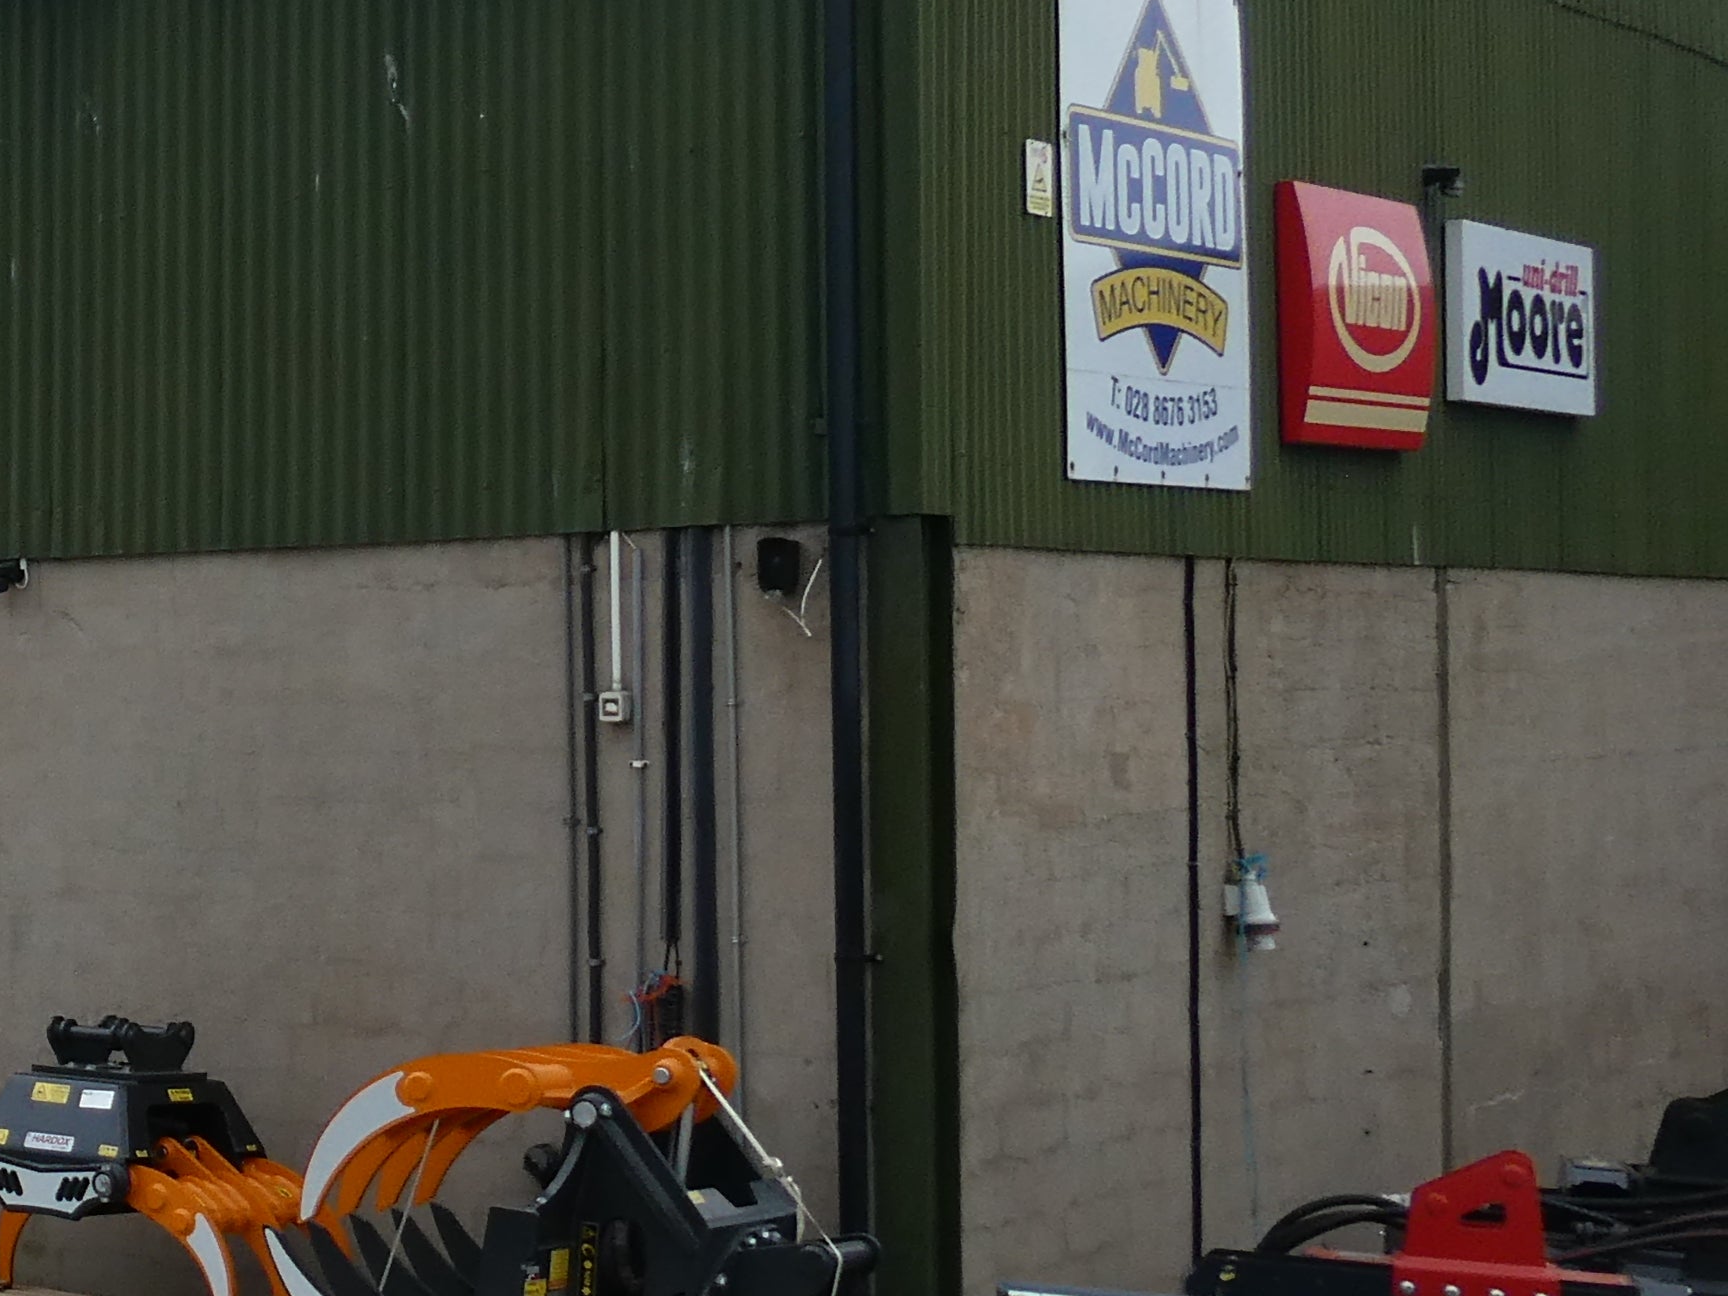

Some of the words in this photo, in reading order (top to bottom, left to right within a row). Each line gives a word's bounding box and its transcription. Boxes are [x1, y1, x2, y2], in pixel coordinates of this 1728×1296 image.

[1522, 259, 1578, 297] uni-drill
[1098, 275, 1223, 338] MACHINERY
[1469, 266, 1584, 386] Moore
[1110, 375, 1122, 410] T:
[1124, 385, 1149, 422] 028
[1152, 394, 1184, 426] 8676
[1187, 387, 1218, 424] 3153
[1086, 411, 1239, 466] www.McCordMachinery.com
★ ★ ★ ★
## Required work:
Please output all the records above exactly, leaving out every picture.

## Solution to this task:
Some of the words in this photo, in reading order (top to bottom, left to right within a row). Each line gives a word's bounding box and its transcription. Boxes are [x1, y1, x2, y2], in pixel coordinates of this 1728×1296 image.

[1522, 259, 1578, 297] uni-drill
[1098, 275, 1223, 338] MACHINERY
[1469, 266, 1584, 386] Moore
[1110, 375, 1122, 410] T:
[1124, 385, 1149, 422] 028
[1152, 394, 1184, 426] 8676
[1187, 387, 1218, 424] 3153
[1086, 411, 1239, 466] www.McCordMachinery.com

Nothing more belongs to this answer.